When iRacers talk about using the online racing service to familiarize themselves with new race tracks, it’s only natural to assume the majority are speaking about road courses.  After all, while you can be pretty sure the next turn on just about any oval is going to go left, that’s only the case about 50% of the time on a road courses.

But, as anyone who’s driven an oval (real or virtual) can attest, it’s a little more complicated than just turning left.  OK, so there’s rarely much elevation change to take into account, even fewer “blind” corners.  But a whole host of issues conspire to make every oval turn unique:  variations in radius, degree of banking, bumps and pavement patches, not to mention visual cues, matter.  The Indianapolis Motor Speedway may look like a symmetrical rectangular oval on paper, but don’t tell anyone who’s ever pointed an IndyCar into the visual tunnel of Turn One at 230 mph that it’s identical to Turn Three.

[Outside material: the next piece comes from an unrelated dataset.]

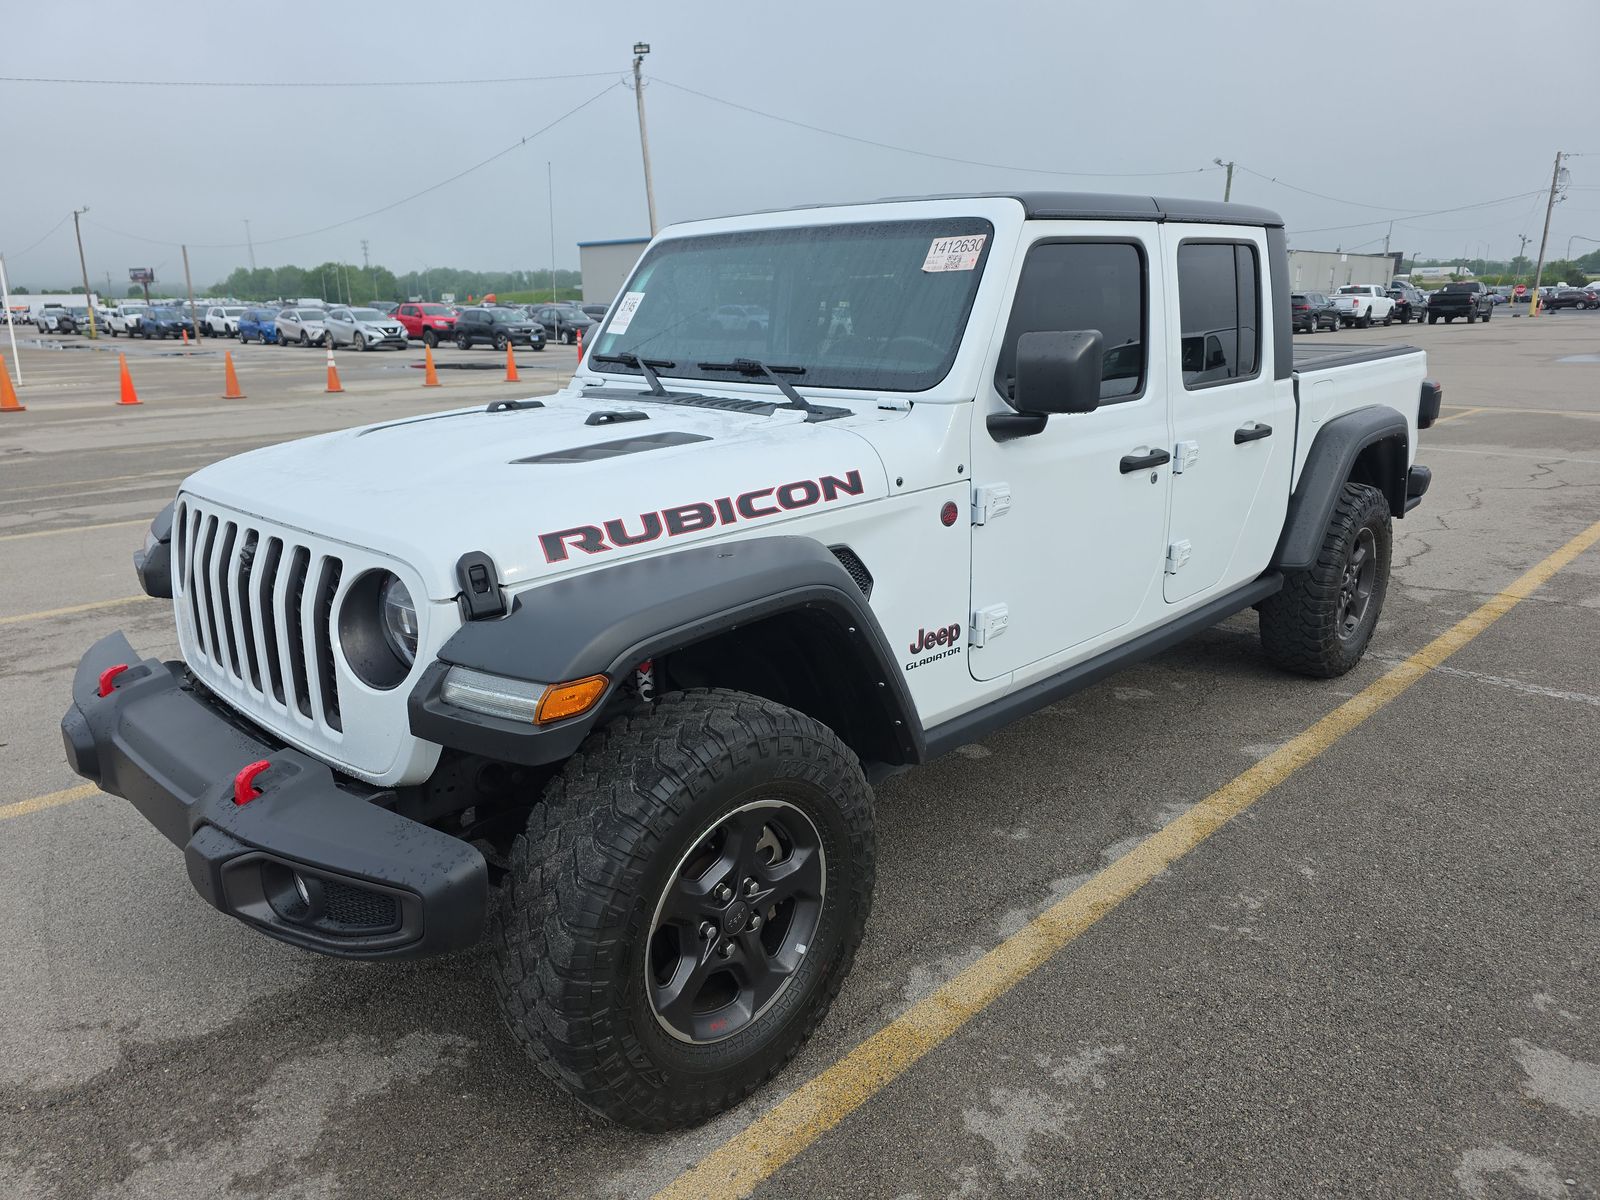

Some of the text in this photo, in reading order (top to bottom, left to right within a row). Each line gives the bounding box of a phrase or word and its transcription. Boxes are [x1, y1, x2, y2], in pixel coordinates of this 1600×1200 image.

Dillon Welch is proof positive of the benefits of preparing for a new oval on iRacing.   Just 17 years old, the Indianapolis native has more than a decade of racing experience under his belt in quarter-, Kenyon- and full-size midgets on the bullrings of the Midwest, as well as more laps than he can count on the virtual short tracks of iRacing in Silver Crown and Sprint Cars.

“I felt like I was step ahead of the other guys who were seeing (the track) for the first time.” — Dillon Welch

He’s put those iRacing laps to good use as he moved from the Kenyon midgets (with less power than their big brothers) to full sized midgets of late.  Last fall, Welch prepared for his second USAC National Midget race at Toyota Speedway at Irwindale by running on iRacing’s version of the Southern California oval.   And in the 70th Annual Turkey Night Grand Prix, the young Hoosier took to his first race at Toyota Speedway at Irwindale like an Angelino.

Welch is running selected USAC Mopar National races this year and hopes to run a full season in the senior midget series in 2012.

2011 sees Welch running selected races in the USAC Mopar National Midget series and, in preparing for his first race on the Milwaukee Mile last month, he adopted the same strategy he used for his Irwindale debut.

“I raced quite a few laps on iRacing’s version of Irwindale  before last Thanksgiving’s race,” he explains.  “I figured if I was going all the way out to California, I wanted to be prepared.  And I was.  From the minute I got on the track I felt like I was step ahead of the other guys who were seeing it for the first time.  Although iRacing doesn’t have midgets, I had run Silver Crown and Sprint Cars on the iRacing Irwindale and I found whatever I did in the sim, the car responded in the same way on the real track.

“With Milwaukee it was the same thing.  I’d done around 200 laps at the Milwaukee Mile on iRacing in the Silver Crown and Sprint Car.  I felt comfortable right away and it didn’t take long at all before I was in the groove.”

Indeed.  In his introductory visit to the world’s oldest continuously motor racing facility, Welch put his Z-Line Designs/ClubSport /St. Vincent Sports Performance-Beast on the pole ahead of midget heavyweights Bryan Clauson and Darren Hagen.  And while Welch got off to a poor start in the race itself (after two wave-offs, he was caught off-guard when the race went green), he eventually came home a worthy fifth place.

Welch is a firm believer in using iRacing as a part of his pre-race preparations.

“The start was pretty messed-up and by the time things got sorted-out, I wound-up racing for fifth-sixth-seventh,” he says.  “It’s hard to pass in midgets on a big track like Milwaukee.  The draft is a big deal.

“But it was good racing and, in some respects, I learned a lot more racing in a pack of cars than I would have if I’d just jumped into the lead.”

The vagaries of real world racing have since impacted Welch’s schedule, as he and car owner Marc DeBeaumont parted company in early July after promised sponsorship monies failed to materialize.  However, Welch has signed to drive for the highly respected Nine Racing team in next week’s USAC Mopar National race at O’Reilly Motorsports Park and is looking forward to putting together a full-time ride in the USAC national midget series in 2012.  Beyond that, he hopes to tackle the USAC Sprint Car and Silver Crown series in the coming years.

One thing is for sure:  whatever and wherever Dillon Welch’s racing career takes him, iRacing will be an important weapon in his arsenal.